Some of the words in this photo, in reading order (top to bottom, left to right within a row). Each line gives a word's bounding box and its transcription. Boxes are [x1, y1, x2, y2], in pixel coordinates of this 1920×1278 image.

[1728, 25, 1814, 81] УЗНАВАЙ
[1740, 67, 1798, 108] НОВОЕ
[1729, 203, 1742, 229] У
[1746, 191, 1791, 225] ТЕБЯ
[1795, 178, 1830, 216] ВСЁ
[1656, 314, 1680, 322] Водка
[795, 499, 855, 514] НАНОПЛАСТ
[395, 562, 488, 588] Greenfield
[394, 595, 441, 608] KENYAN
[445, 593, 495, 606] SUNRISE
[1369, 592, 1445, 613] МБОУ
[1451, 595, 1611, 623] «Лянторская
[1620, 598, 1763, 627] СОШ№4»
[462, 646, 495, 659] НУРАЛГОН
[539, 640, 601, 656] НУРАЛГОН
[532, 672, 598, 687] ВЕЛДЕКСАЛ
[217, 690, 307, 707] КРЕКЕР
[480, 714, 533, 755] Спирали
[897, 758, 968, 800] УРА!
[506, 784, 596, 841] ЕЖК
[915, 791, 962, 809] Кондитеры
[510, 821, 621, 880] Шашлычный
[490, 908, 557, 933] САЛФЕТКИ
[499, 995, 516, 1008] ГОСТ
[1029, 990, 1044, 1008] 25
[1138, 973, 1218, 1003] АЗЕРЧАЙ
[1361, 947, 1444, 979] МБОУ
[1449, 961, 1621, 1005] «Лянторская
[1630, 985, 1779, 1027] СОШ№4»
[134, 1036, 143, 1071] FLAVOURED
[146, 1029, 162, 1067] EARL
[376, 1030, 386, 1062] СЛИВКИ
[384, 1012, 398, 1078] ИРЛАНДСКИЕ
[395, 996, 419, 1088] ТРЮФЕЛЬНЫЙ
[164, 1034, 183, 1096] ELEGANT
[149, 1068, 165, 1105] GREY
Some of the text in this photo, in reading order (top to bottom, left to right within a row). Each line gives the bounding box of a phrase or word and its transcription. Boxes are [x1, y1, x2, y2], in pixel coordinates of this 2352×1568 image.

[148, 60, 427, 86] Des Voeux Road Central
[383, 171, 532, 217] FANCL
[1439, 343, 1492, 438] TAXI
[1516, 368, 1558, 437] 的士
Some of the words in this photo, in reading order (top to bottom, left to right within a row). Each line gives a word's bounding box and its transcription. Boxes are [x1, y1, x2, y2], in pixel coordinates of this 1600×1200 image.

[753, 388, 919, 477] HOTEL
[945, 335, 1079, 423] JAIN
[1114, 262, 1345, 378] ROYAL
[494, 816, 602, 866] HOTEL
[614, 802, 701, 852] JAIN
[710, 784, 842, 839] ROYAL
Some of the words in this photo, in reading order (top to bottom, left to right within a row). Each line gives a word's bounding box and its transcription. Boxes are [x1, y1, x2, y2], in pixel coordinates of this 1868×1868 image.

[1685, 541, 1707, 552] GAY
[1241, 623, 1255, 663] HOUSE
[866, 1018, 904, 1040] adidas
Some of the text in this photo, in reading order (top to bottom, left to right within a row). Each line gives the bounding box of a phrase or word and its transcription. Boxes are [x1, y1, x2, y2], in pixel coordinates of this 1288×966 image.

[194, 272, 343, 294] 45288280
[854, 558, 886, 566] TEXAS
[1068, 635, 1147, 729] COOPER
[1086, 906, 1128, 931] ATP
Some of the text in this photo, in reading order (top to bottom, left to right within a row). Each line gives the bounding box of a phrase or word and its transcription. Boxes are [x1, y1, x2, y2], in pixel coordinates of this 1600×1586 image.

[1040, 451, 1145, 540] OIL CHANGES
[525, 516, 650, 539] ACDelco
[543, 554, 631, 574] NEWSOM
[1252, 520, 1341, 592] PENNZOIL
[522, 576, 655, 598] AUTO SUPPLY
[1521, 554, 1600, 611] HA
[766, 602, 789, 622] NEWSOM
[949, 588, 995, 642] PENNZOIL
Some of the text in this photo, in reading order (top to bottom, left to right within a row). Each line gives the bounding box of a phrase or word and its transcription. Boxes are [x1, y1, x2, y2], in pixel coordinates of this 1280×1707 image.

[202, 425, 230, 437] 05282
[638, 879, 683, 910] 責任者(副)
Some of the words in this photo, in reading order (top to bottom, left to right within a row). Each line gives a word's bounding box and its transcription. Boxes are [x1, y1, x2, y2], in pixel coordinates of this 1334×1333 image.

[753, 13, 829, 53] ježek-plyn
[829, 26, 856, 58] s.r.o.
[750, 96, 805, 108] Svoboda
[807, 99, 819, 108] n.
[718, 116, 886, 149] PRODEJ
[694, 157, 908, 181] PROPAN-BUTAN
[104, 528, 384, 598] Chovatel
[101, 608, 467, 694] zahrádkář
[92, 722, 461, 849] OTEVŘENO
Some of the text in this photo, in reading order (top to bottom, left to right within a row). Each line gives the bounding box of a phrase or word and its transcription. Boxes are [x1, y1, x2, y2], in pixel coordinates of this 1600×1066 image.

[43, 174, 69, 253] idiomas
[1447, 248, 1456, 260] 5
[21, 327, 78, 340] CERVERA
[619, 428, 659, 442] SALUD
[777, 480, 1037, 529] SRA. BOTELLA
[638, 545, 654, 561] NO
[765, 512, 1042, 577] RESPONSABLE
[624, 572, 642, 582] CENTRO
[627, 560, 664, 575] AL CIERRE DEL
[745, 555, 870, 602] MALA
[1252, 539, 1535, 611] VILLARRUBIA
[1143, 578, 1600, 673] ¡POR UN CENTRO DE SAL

------------------------------------------------

Work request
Retype the whole listing, matching it exactly.

Solution for this problem
Some of the words in this photo, in reading order (top to bottom, left to right within a row). Each line gives a word's bounding box and its transcription. Boxes are [x1, y1, x2, y2], in pixel coordinates of this 1920×1278 image.

[1728, 25, 1814, 81] УЗНАВАЙ
[1740, 67, 1798, 108] НОВОЕ
[1729, 203, 1742, 229] У
[1746, 191, 1791, 225] ТЕБЯ
[1795, 178, 1830, 216] ВСЁ
[1656, 314, 1680, 322] Водка
[795, 499, 855, 514] НАНОПЛАСТ
[395, 562, 488, 588] Greenfield
[394, 595, 441, 608] KENYAN
[445, 593, 495, 606] SUNRISE
[1369, 592, 1445, 613] МБОУ
[1451, 595, 1611, 623] «Лянторская
[1620, 598, 1763, 627] СОШ№4»
[462, 646, 495, 659] НУРАЛГОН
[539, 640, 601, 656] НУРАЛГОН
[532, 672, 598, 687] ВЕЛДЕКСАЛ
[217, 690, 307, 707] КРЕКЕР
[480, 714, 533, 755] Спирали
[897, 758, 968, 800] УРА!
[506, 784, 596, 841] ЕЖК
[915, 791, 962, 809] Кондитеры
[510, 821, 621, 880] Шашлычный
[490, 908, 557, 933] САЛФЕТКИ
[499, 995, 516, 1008] ГОСТ
[1029, 990, 1044, 1008] 25
[1138, 973, 1218, 1003] АЗЕРЧАЙ
[1361, 947, 1444, 979] МБОУ
[1449, 961, 1621, 1005] «Лянторская
[1630, 985, 1779, 1027] СОШ№4»
[134, 1036, 143, 1071] FLAVOURED
[146, 1029, 162, 1067] EARL
[376, 1030, 386, 1062] СЛИВКИ
[384, 1012, 398, 1078] ИРЛАНДСКИЕ
[395, 996, 419, 1088] ТРЮФЕЛЬНЫЙ
[164, 1034, 183, 1096] ELEGANT
[149, 1068, 165, 1105] GREY
Some of the text in this photo, in reading order (top to bottom, left to right within a row). Each line gives the bounding box of a phrase or word and its transcription. Boxes are [x1, y1, x2, y2], in pixel coordinates of this 2352×1568 image.

[148, 60, 427, 86] Des Voeux Road Central
[383, 171, 532, 217] FANCL
[1439, 343, 1492, 438] TAXI
[1516, 368, 1558, 437] 的士
Some of the words in this photo, in reading order (top to bottom, left to right within a row). Each line gives a word's bounding box and its transcription. Boxes are [x1, y1, x2, y2], in pixel coordinates of this 1600×1200 image.

[753, 388, 919, 477] HOTEL
[945, 335, 1079, 423] JAIN
[1114, 262, 1345, 378] ROYAL
[494, 816, 602, 866] HOTEL
[614, 802, 701, 852] JAIN
[710, 784, 842, 839] ROYAL
Some of the words in this photo, in reading order (top to bottom, left to right within a row). Each line gives a word's bounding box and its transcription. Boxes are [x1, y1, x2, y2], in pixel coordinates of this 1868×1868 image.

[1685, 541, 1707, 552] GAY
[1241, 623, 1255, 663] HOUSE
[866, 1018, 904, 1040] adidas
Some of the text in this photo, in reading order (top to bottom, left to right within a row). Each line gives the bounding box of a phrase or word and its transcription. Boxes are [x1, y1, x2, y2], in pixel coordinates of this 1288×966 image.

[194, 272, 343, 294] 45288280
[854, 558, 886, 566] TEXAS
[1068, 635, 1147, 729] COOPER
[1086, 906, 1128, 931] ATP
Some of the text in this photo, in reading order (top to bottom, left to right within a row). Each line gives the bounding box of a phrase or word and its transcription. Boxes are [x1, y1, x2, y2], in pixel coordinates of this 1600×1586 image.

[1040, 451, 1145, 540] OIL CHANGES
[525, 516, 650, 539] ACDelco
[543, 554, 631, 574] NEWSOM
[1252, 520, 1341, 592] PENNZOIL
[522, 576, 655, 598] AUTO SUPPLY
[1521, 554, 1600, 611] HA
[766, 602, 789, 622] NEWSOM
[949, 588, 995, 642] PENNZOIL
Some of the text in this photo, in reading order (top to bottom, left to right within a row). Each line gives the bounding box of a phrase or word and its transcription. Boxes are [x1, y1, x2, y2], in pixel coordinates of this 1280×1707 image.

[202, 425, 230, 437] 05282
[638, 879, 683, 910] 責任者(副)
Some of the words in this photo, in reading order (top to bottom, left to right within a row). Each line gives a word's bounding box and its transcription. Boxes are [x1, y1, x2, y2], in pixel coordinates of this 1334×1333 image.

[753, 13, 829, 53] ježek-plyn
[829, 26, 856, 58] s.r.o.
[750, 96, 805, 108] Svoboda
[807, 99, 819, 108] n.
[718, 116, 886, 149] PRODEJ
[694, 157, 908, 181] PROPAN-BUTAN
[104, 528, 384, 598] Chovatel
[101, 608, 467, 694] zahrádkář
[92, 722, 461, 849] OTEVŘENO
Some of the text in this photo, in reading order (top to bottom, left to right within a row). Each line gives the bounding box of a phrase or word and its transcription. Boxes are [x1, y1, x2, y2], in pixel coordinates of this 1600×1066 image.

[43, 174, 69, 253] idiomas
[1447, 248, 1456, 260] 5
[21, 327, 78, 340] CERVERA
[619, 428, 659, 442] SALUD
[777, 480, 1037, 529] SRA. BOTELLA
[638, 545, 654, 561] NO
[765, 512, 1042, 577] RESPONSABLE
[624, 572, 642, 582] CENTRO
[627, 560, 664, 575] AL CIERRE DEL
[745, 555, 870, 602] MALA
[1252, 539, 1535, 611] VILLARRUBIA
[1143, 578, 1600, 673] ¡POR UN CENTRO DE SAL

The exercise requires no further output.